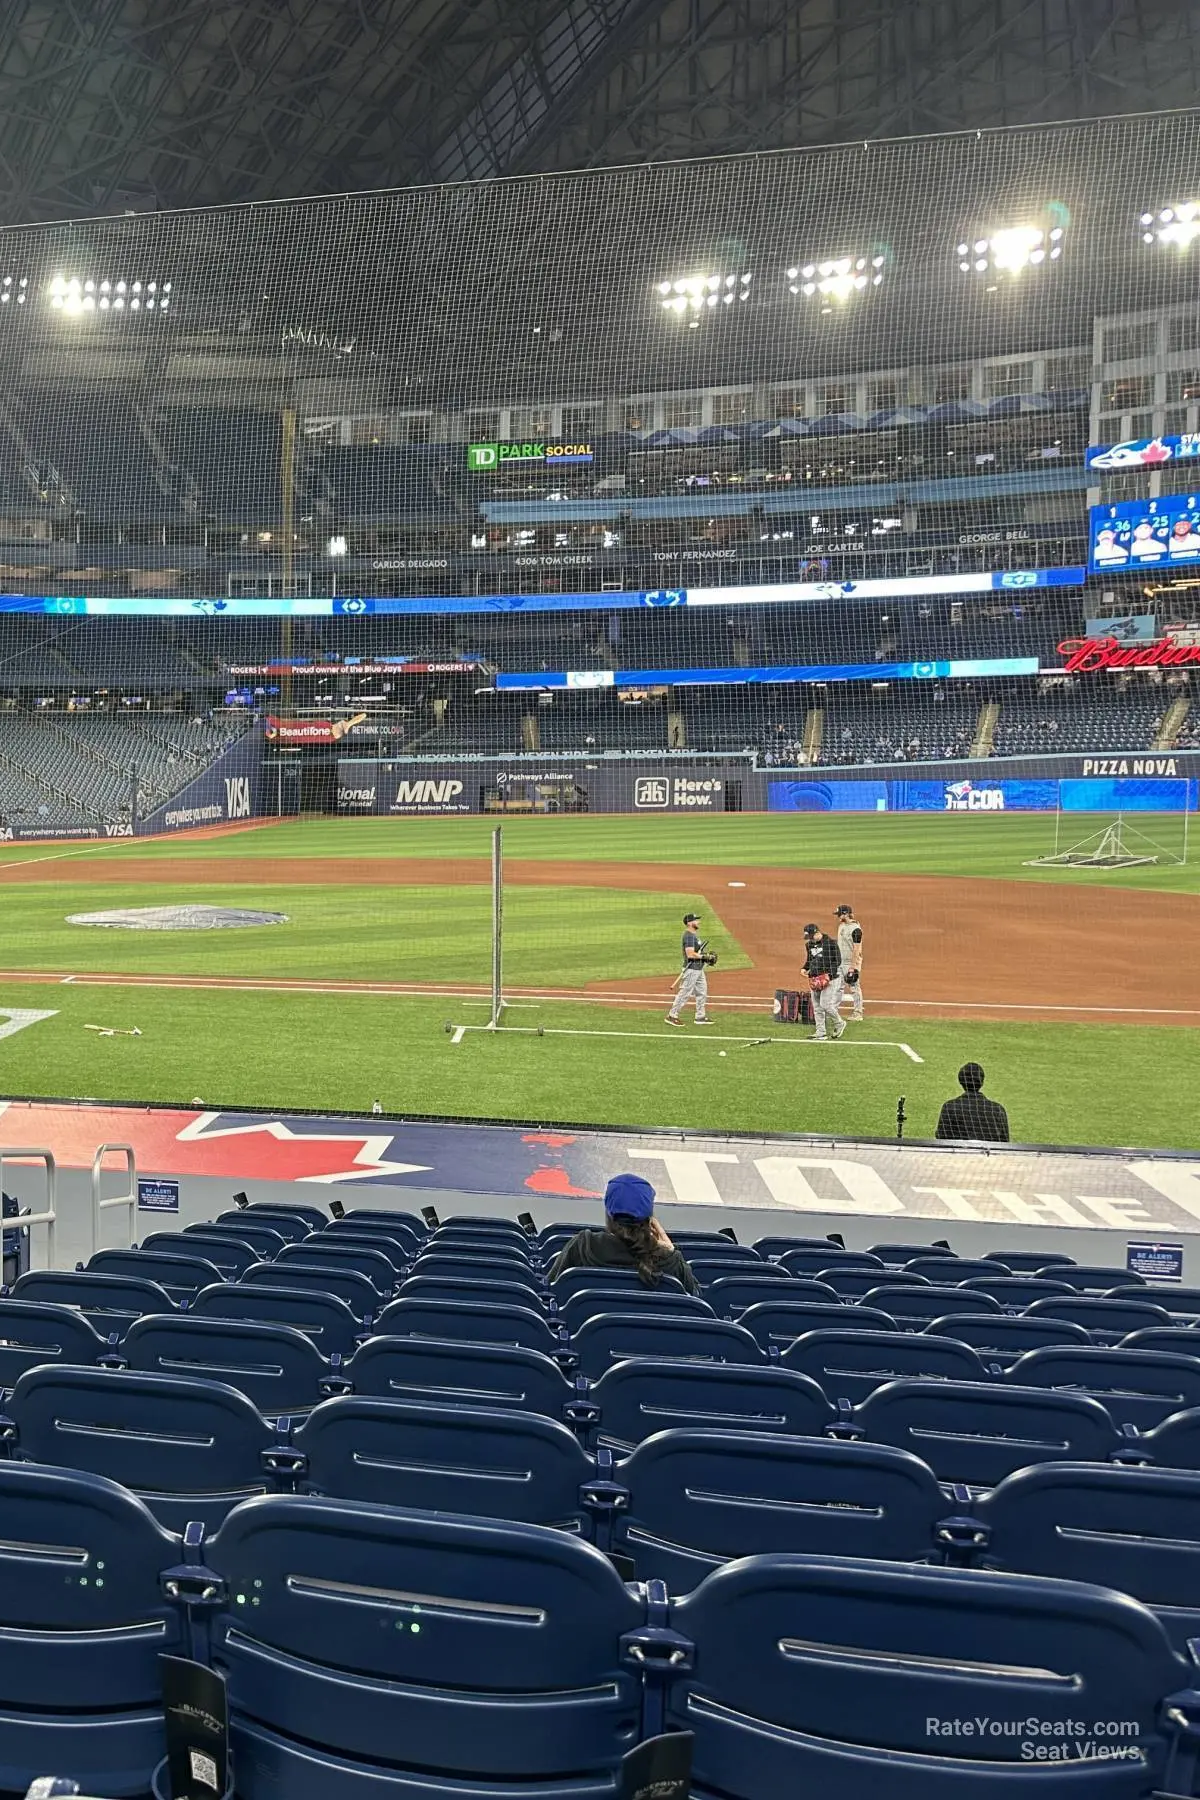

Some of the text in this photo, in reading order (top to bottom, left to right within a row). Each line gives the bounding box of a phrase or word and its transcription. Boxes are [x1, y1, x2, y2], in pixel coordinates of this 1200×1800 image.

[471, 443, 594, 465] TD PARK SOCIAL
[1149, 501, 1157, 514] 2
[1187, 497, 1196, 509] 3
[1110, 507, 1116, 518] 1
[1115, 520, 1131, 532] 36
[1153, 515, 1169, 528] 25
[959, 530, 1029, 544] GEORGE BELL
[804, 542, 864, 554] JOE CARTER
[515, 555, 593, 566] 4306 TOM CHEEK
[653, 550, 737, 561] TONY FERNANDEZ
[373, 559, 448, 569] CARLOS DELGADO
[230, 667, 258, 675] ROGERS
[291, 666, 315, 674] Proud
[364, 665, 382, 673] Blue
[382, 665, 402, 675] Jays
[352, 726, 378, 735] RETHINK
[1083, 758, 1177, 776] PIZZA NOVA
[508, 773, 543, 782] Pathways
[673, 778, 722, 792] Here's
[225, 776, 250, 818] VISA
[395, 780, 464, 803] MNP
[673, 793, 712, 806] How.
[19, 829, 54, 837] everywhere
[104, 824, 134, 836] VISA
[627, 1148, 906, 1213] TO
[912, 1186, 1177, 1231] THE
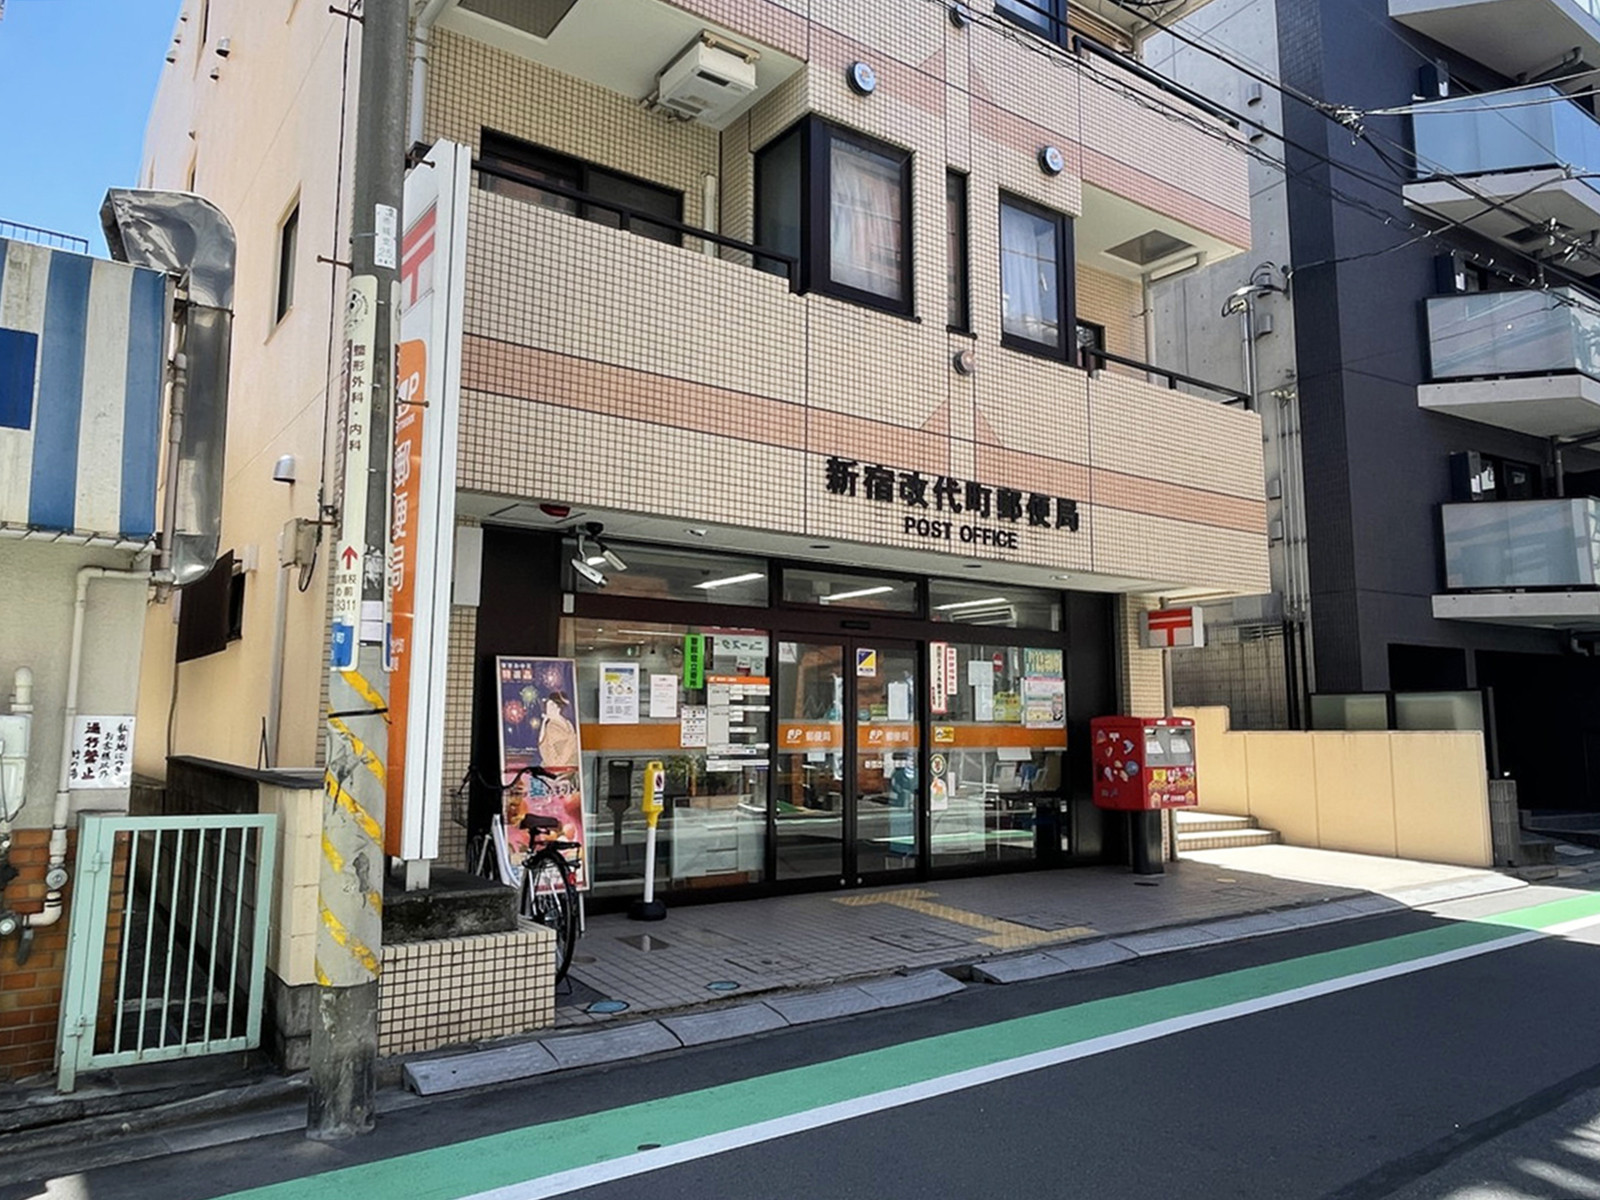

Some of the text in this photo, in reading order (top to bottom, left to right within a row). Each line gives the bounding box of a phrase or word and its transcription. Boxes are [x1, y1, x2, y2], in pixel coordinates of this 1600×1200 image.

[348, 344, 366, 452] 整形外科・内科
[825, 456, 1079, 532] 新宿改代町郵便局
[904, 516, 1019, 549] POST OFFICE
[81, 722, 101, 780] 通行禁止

* What to do *
The records above are to be repeated exactly, with every picture removed from the copy.

* Exercise output *
Some of the text in this photo, in reading order (top to bottom, left to right within a row). Each line gives the bounding box of a phrase or word and its transcription. Boxes are [x1, y1, x2, y2], in pixel coordinates of this 1200×1800 image.

[471, 443, 594, 465] TD PARK SOCIAL
[1149, 501, 1157, 514] 2
[1187, 497, 1196, 509] 3
[1110, 507, 1116, 518] 1
[1115, 520, 1131, 532] 36
[1153, 515, 1169, 528] 25
[959, 530, 1029, 544] GEORGE BELL
[804, 542, 864, 554] JOE CARTER
[515, 555, 593, 566] 4306 TOM CHEEK
[653, 550, 737, 561] TONY FERNANDEZ
[373, 559, 448, 569] CARLOS DELGADO
[230, 667, 258, 675] ROGERS
[291, 666, 315, 674] Proud
[364, 665, 382, 673] Blue
[382, 665, 402, 675] Jays
[352, 726, 378, 735] RETHINK
[1083, 758, 1177, 776] PIZZA NOVA
[508, 773, 543, 782] Pathways
[673, 778, 722, 792] Here's
[225, 776, 250, 818] VISA
[395, 780, 464, 803] MNP
[673, 793, 712, 806] How.
[19, 829, 54, 837] everywhere
[104, 824, 134, 836] VISA
[627, 1148, 906, 1213] TO
[912, 1186, 1177, 1231] THE

Some of the text in this photo, in reading order (top to bottom, left to right within a row). Each line gives the bounding box of a phrase or word and its transcription. Boxes are [x1, y1, x2, y2], in pixel coordinates of this 1600×1200 image.

[348, 344, 366, 452] 整形外科・内科
[825, 456, 1079, 532] 新宿改代町郵便局
[904, 516, 1019, 549] POST OFFICE
[81, 722, 101, 780] 通行禁止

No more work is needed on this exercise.